# when to stop feeding my new hive?



## Bass (Mar 30, 2015)

I started with a Nuc 2 months ago, I've been feeding since then. now they have 2 deep boxes, the top deep was 7 out of 10 full with capped honey and brood. So I added a honey super, but left the top feeder on. Should I stop feeding now? They're still going through 10 lbs of sugar a week.


----------



## lprikockis (May 19, 2015)

I've only had bees for about long as you (also started with a nuc), but my understanding is that you definitely don't want to be feeding while the nectar flow is on. Basically, the bees will just fill up every available cell with syrup, the queen will have no place to lay new eggs, and the hive will end up swarming. I'm a bit south of you in Maryland (DC) area, but I'd imagine there are still trees and things blooming in PA so the bees ought to be able to find plenty on their own. Just my (newbee) opinion, but I'd take off the feeder now.


----------



## kaizen (Mar 20, 2015)

yeah. you probably don't have much honey in those cells. its all syrup. if you want honey take off the feeder and see what they do.


----------



## Bass (Mar 30, 2015)

You're right there's still lots of things flowering such as clover. I'll take it off and let them produce honey. They were getting ready to swarm, then I removed the old queen and placed her in a nuc with a few brood and honey. Now waiting on this hive to produce a new queen.


----------



## Michael Bush (Aug 2, 2002)

>when to stop feeding my new hive?
>I started with a Nuc 2 months ago...

I would have stopped 2 months ago...


----------



## dsegrest (May 15, 2014)

If you are intending to harvest the super as honey, stop feeding. I disagree with a lot of people about feeding.

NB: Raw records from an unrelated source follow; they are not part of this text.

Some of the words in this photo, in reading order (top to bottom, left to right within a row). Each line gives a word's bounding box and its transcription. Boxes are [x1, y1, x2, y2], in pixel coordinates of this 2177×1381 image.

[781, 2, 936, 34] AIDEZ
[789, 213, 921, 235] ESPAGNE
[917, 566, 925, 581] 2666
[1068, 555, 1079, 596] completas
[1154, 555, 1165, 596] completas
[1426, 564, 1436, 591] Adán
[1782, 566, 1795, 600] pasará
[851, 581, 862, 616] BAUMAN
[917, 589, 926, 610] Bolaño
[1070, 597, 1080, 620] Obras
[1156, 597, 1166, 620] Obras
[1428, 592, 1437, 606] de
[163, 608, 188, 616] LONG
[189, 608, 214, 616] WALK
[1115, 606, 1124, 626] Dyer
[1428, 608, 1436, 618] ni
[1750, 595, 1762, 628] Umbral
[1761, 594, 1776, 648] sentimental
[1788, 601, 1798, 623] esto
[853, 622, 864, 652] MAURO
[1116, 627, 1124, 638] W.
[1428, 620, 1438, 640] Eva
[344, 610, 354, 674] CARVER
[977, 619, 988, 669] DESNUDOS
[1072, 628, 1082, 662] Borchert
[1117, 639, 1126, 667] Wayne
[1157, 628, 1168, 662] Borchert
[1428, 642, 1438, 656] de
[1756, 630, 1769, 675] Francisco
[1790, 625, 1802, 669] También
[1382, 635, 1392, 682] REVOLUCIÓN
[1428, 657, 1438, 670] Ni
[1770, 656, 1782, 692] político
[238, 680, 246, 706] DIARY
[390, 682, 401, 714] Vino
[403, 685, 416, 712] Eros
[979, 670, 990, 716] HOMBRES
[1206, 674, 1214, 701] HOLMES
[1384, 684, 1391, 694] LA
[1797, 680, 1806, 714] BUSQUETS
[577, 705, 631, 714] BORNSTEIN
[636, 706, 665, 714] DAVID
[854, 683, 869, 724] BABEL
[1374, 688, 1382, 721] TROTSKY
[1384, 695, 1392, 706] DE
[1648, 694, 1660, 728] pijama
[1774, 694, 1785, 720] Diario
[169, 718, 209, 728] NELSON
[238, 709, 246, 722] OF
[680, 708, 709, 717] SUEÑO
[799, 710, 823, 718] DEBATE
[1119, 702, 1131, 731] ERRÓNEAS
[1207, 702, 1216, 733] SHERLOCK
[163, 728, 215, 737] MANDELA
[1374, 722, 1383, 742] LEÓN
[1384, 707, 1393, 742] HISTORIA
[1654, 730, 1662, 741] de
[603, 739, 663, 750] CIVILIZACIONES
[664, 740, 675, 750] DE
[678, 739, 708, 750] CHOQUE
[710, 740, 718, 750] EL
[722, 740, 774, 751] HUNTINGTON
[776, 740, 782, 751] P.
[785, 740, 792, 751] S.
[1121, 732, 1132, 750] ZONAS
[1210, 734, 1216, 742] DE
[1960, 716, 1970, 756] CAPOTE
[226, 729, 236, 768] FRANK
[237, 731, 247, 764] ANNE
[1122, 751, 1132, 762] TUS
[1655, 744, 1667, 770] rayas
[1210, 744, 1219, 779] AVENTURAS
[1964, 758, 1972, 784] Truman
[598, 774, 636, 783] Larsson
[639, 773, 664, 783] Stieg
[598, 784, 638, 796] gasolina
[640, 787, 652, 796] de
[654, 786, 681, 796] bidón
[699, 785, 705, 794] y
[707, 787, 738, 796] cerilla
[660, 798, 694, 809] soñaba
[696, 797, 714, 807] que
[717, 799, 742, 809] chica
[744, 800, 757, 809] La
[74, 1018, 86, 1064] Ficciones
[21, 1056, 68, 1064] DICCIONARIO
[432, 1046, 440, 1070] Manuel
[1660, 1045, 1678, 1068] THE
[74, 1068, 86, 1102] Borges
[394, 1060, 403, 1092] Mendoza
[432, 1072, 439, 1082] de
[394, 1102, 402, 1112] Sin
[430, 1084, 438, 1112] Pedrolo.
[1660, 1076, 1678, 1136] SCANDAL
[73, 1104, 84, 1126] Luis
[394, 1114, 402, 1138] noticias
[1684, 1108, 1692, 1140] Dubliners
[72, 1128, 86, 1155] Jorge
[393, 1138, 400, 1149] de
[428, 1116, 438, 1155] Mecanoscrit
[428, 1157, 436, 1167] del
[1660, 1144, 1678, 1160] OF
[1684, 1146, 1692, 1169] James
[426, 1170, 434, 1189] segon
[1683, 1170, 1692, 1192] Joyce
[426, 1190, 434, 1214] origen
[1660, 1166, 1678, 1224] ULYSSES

If I am trying to get honey, I don't feed. If I am not trying to get honey, I am trying to get bees. I feed as long as the bees will take it. A hive that is building up has a lot of young bees. They are busy covering brood. When they "graduate" and become foragers the are adding to stores and providing food for brood. 

Different regions have different situations. We have not had significant rain for a month. The honey flow is really slow right now.


----------



## jim lyon (Feb 19, 2006)

Bass said:


> I started with a Nuc 2 months ago, I've been feeding since then. now they have 2 deep boxes, the top deep was 7 out of 10 full with capped honey and brood. So I added a honey super, but left the top feeder on. Should I stop feeding now? They're still going through 10 lbs of sugar a week.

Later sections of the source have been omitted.